A faithful copy of all the data is required; pictures should not be included.
--- RECORDS TO USE Enclosed Below ---
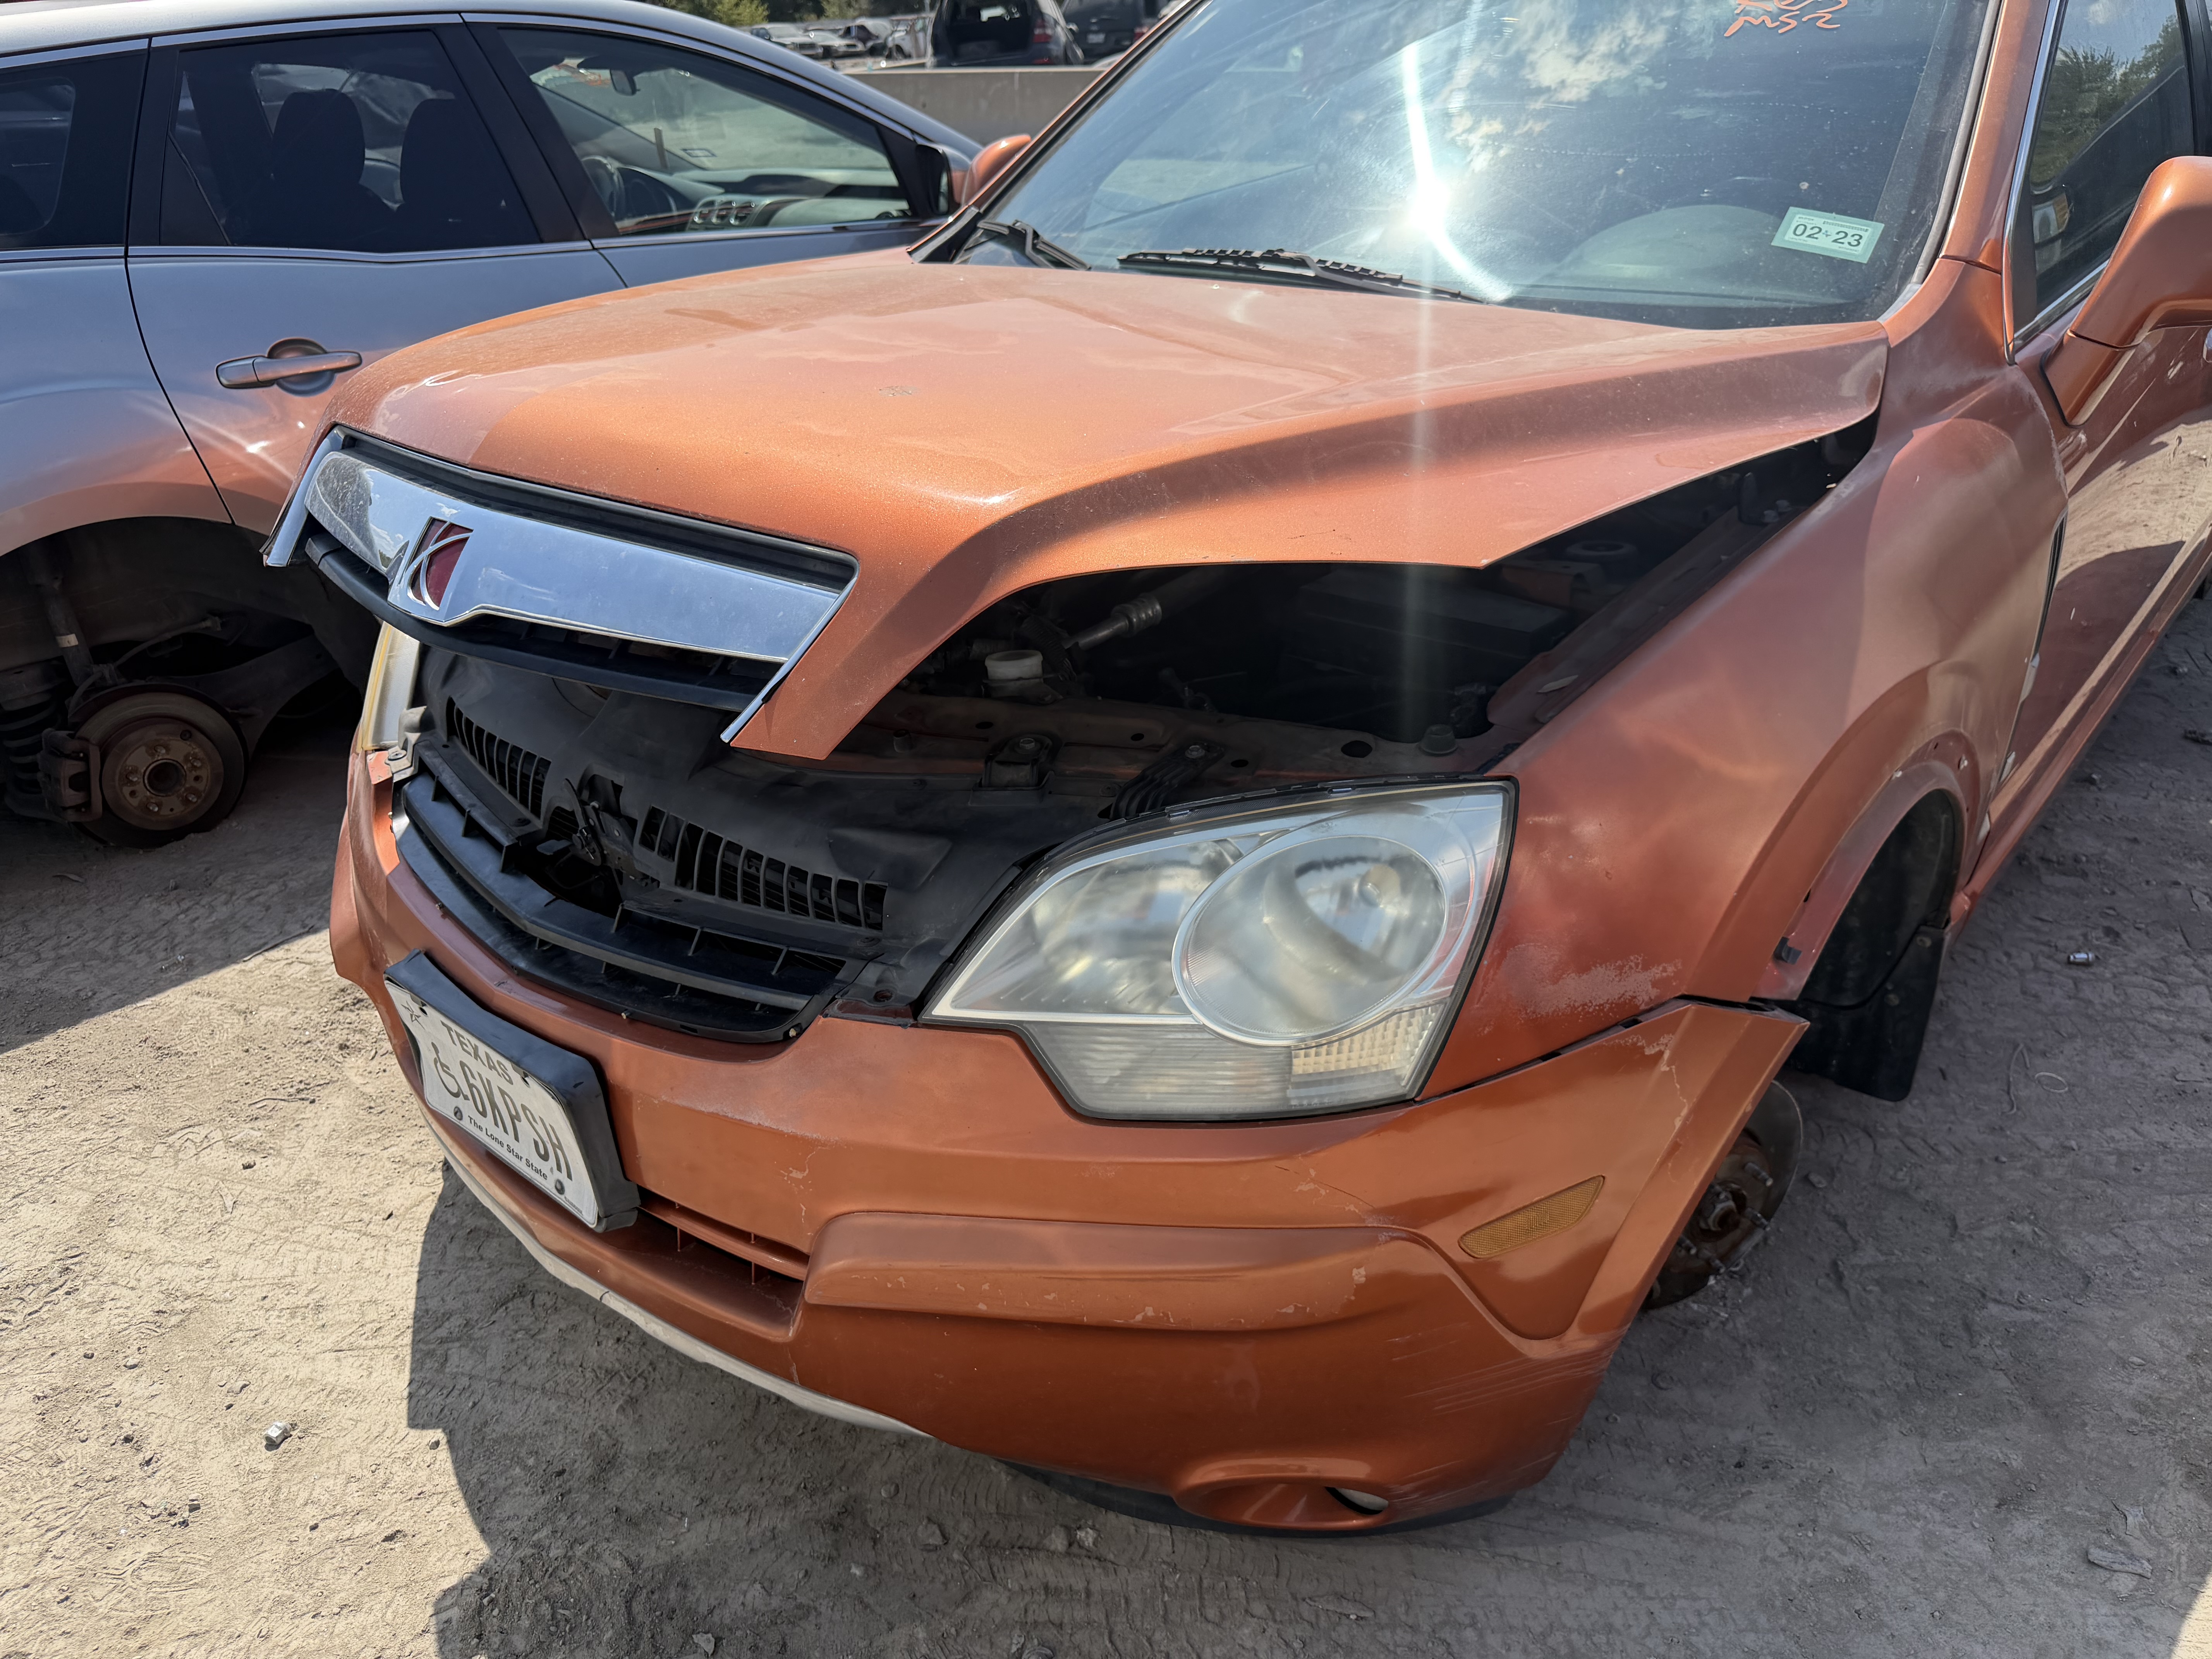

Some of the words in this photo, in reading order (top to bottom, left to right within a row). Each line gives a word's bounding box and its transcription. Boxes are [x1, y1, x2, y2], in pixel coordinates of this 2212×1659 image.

[1793, 223, 1822, 240] 02
[1831, 230, 1863, 247] 23
[440, 1020, 514, 1085] TEXAS
[468, 1115, 483, 1132] The
[485, 1127, 504, 1148] Lone
[506, 1144, 524, 1162] Star
[525, 1158, 548, 1180] State
--- End of Enclosed RECORDS TO USE ---
__ANSWER BOX__
Some of the words in this photo, in reading order (top to bottom, left to right within a row). Each line gives a word's bounding box and its transcription. Boxes are [x1, y1, x2, y2], in pixel coordinates of this 2212×1659 image.

[1793, 223, 1822, 240] 02
[1831, 230, 1863, 247] 23
[440, 1020, 514, 1085] TEXAS
[468, 1115, 483, 1132] The
[485, 1127, 504, 1148] Lone
[506, 1144, 524, 1162] Star
[525, 1158, 548, 1180] State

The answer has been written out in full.